Wearable antennas for body-centric wireless communications

In recent years, a study on body-centric wireless communications has become an active and attractive area of research because of their various applications such as e-healthcare, support systems for specialized occupations, personal communications, and so on. Whereas UHF bands are subjects of interest especially in Europe and USA, relatively low frequency bands below several megahertz are of great interest especially in Japan. Hence, all of the prospective frequencies are in an extremely wide range, and an objective idea on how to select a right frequency band for individual applications is required. Currently in our laboratory, we have been studying on frequency dependence of basic characteristics of wearable antennas as well as body-centric wireless communication channels in the range of HF to UHF (3 MHz-3 GHz).

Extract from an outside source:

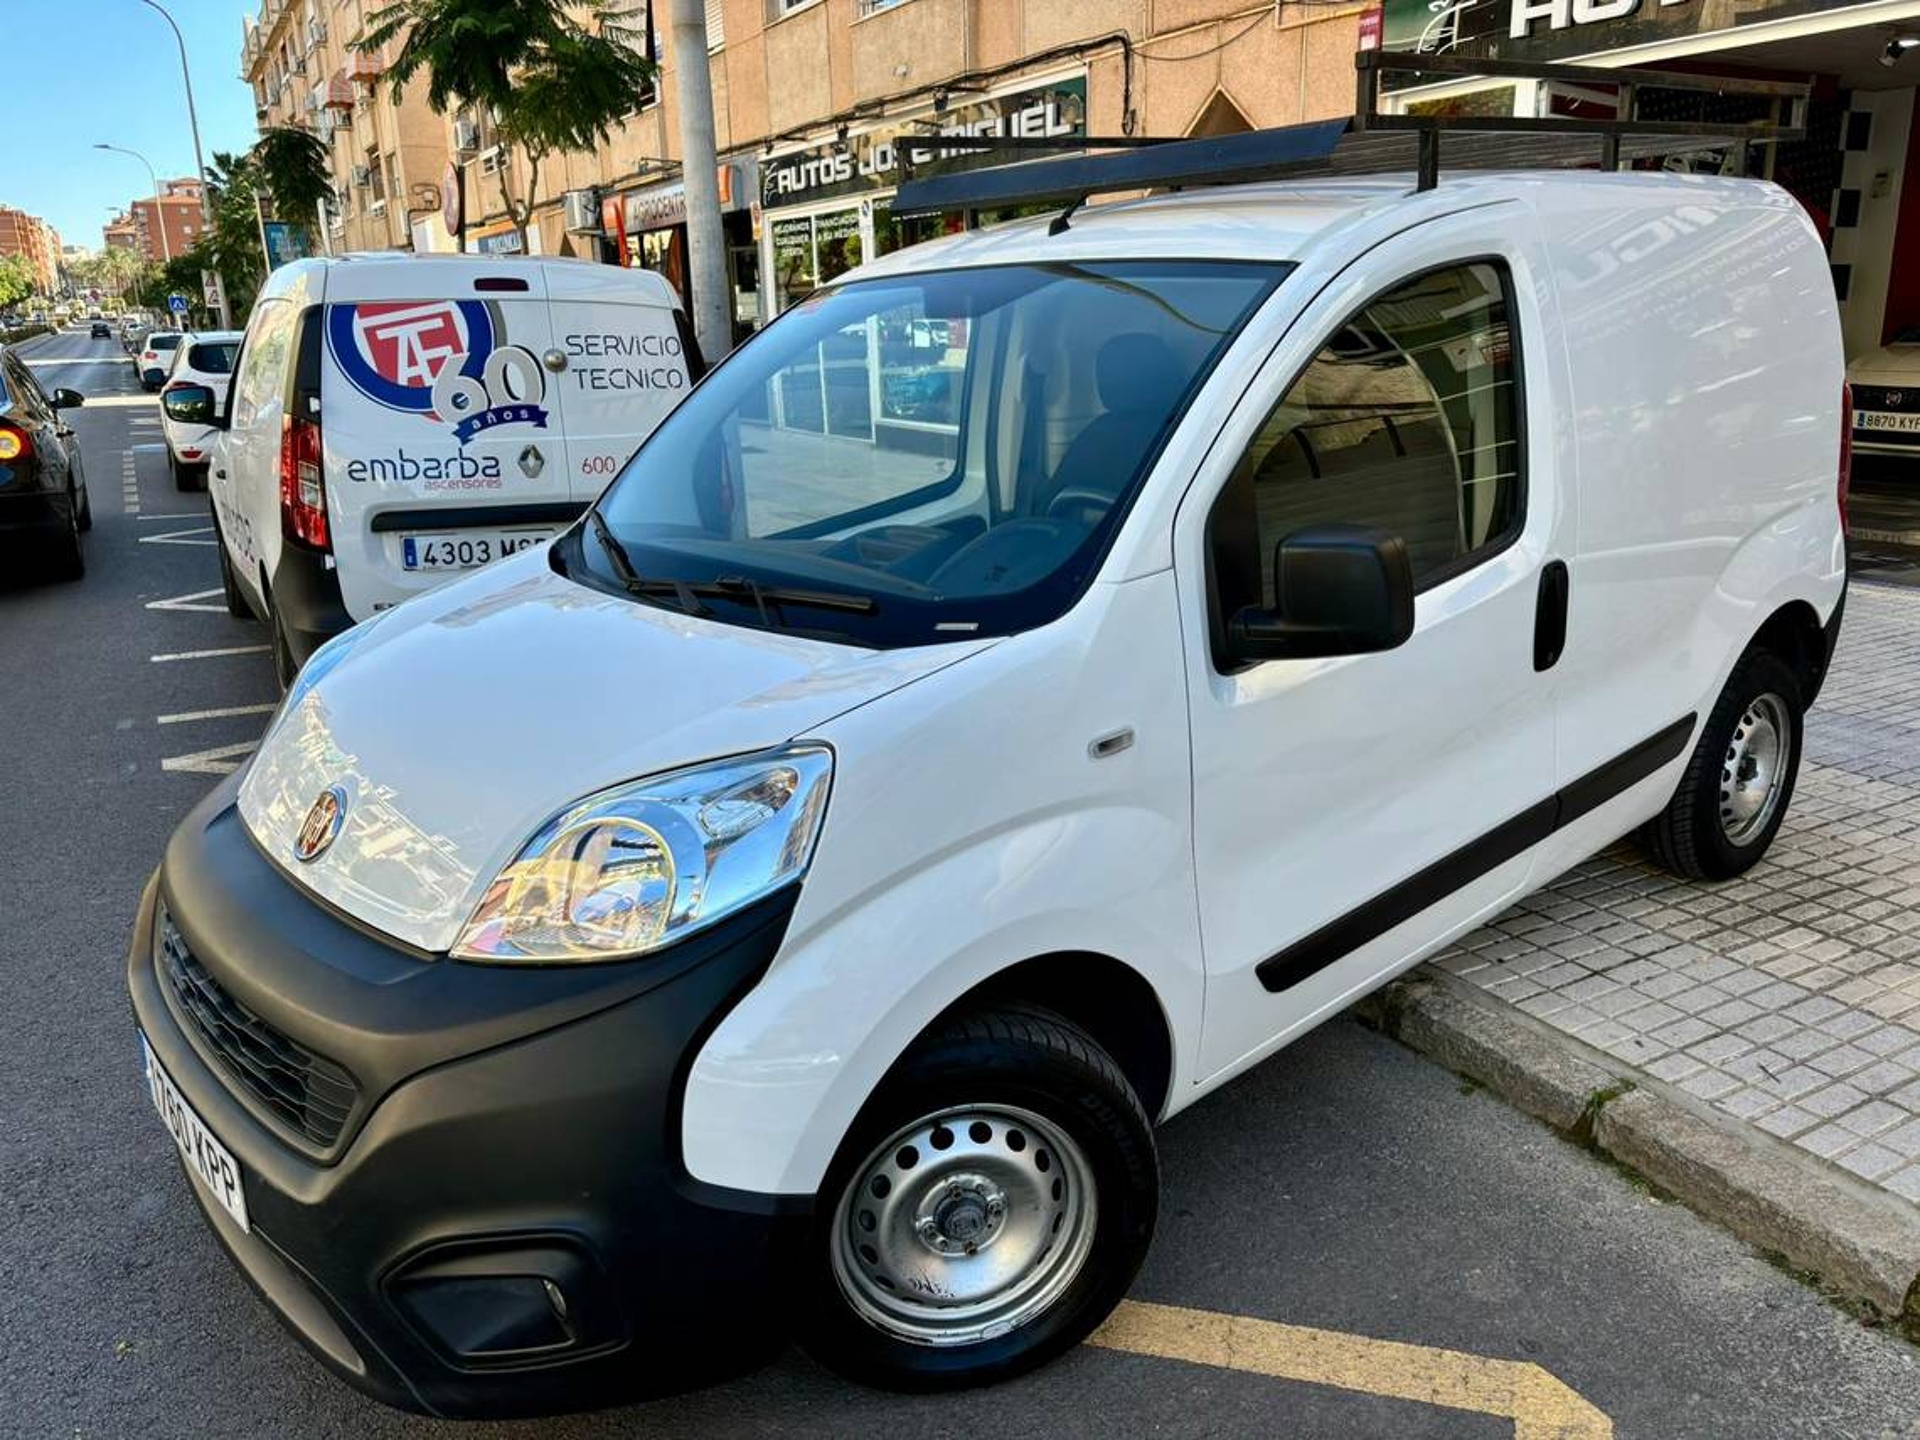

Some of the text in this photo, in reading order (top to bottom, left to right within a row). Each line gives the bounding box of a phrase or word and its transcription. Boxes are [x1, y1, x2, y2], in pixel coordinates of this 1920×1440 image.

There are experimental, analytical, and numerical ways to clarify the basic characteristics of the antennas and communication channels. In experiments, we have to ensure impedance matching at certain frequency points because of sensitivity limitations; therefore, it is hard to obtain such broadband characteristics. Theoretical analysis is useful to understand physical mechanism; however, complex geometry and motion of the human body cannot be modeled. By contrast to them, numerical simulation can solve complex problems with relative ease. For example, Hall et al. have shown that the dynamics of the human body can be modeled by dividing the motion into several frames, and the simulated results agree with the measured results. Also in our study, observations of channel characteristics are conducted by employing numerical simulations. In this paper, firstly, electric field distributions around the human body wearing a small top-loaded monopole antenna are numerically calculated and compared in a wide range of HF to UHF bands. Then, received open voltages at receiving antennas which are equipped at several different points on the human body are numerically inve- - stigated. The received open voltages are also numerically calculated and compared with several different postures of the human body. Statistic characterization and experimental validation will be necessary in further studies.